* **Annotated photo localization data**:
===

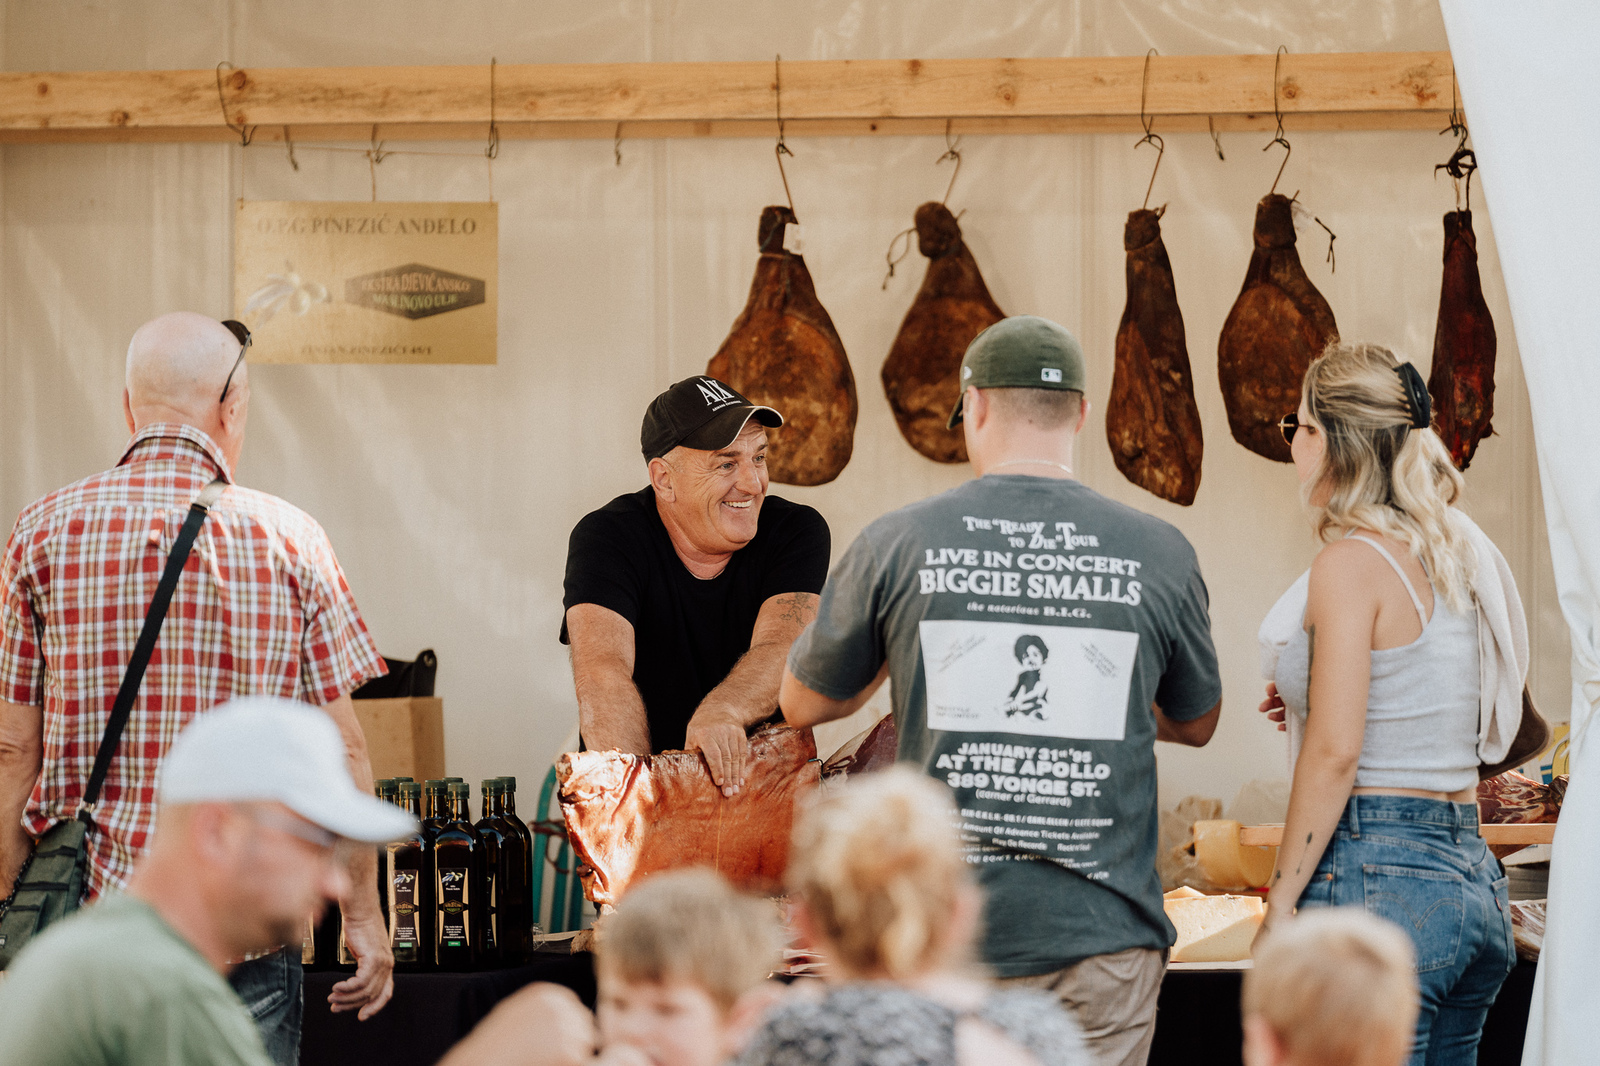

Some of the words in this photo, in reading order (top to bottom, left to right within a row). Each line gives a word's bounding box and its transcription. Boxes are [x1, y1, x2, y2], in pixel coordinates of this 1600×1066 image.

[310, 212, 390, 236] PINEZIĆ
[1007, 536, 1026, 549] TO
[1054, 521, 1100, 551] TOUR
[924, 548, 980, 567] LIVE
[982, 550, 1014, 569] IN
[1016, 553, 1142, 577] CONCERT
[917, 567, 1022, 597] BIGGIE
[1026, 573, 1143, 606] SMALLS
[966, 600, 984, 613] the
[987, 603, 1040, 616] notorious
[1042, 605, 1093, 619] B.I.G.
[957, 742, 1037, 760] JANUARY
[935, 754, 967, 771] AT
[969, 755, 1017, 775] THE
[1019, 760, 1112, 780] APOLLO
[946, 772, 990, 788] 389
[991, 774, 1069, 797] YONGE
[1070, 781, 1102, 798] ST.
[975, 788, 1012, 802] (corner
[1013, 793, 1027, 803] of
[1027, 794, 1073, 809] Gerrard)
[962, 822, 994, 834] Amount
[994, 826, 1006, 835] Of
[1005, 826, 1040, 838] Advance
[1040, 830, 1070, 841] Tickets

===

* **EXERCISE AIM**: Output each line above exactly as it stands, omitting the pictures.

* **RESULT**:
Some of the words in this photo, in reading order (top to bottom, left to right within a row). Each line gives a word's bounding box and its transcription. Boxes are [x1, y1, x2, y2], in pixel coordinates of this 1600×1066 image.

[310, 212, 390, 236] PINEZIĆ
[1007, 536, 1026, 549] TO
[1054, 521, 1100, 551] TOUR
[924, 548, 980, 567] LIVE
[982, 550, 1014, 569] IN
[1016, 553, 1142, 577] CONCERT
[917, 567, 1022, 597] BIGGIE
[1026, 573, 1143, 606] SMALLS
[966, 600, 984, 613] the
[987, 603, 1040, 616] notorious
[1042, 605, 1093, 619] B.I.G.
[957, 742, 1037, 760] JANUARY
[935, 754, 967, 771] AT
[969, 755, 1017, 775] THE
[1019, 760, 1112, 780] APOLLO
[946, 772, 990, 788] 389
[991, 774, 1069, 797] YONGE
[1070, 781, 1102, 798] ST.
[975, 788, 1012, 802] (corner
[1013, 793, 1027, 803] of
[1027, 794, 1073, 809] Gerrard)
[962, 822, 994, 834] Amount
[994, 826, 1006, 835] Of
[1005, 826, 1040, 838] Advance
[1040, 830, 1070, 841] Tickets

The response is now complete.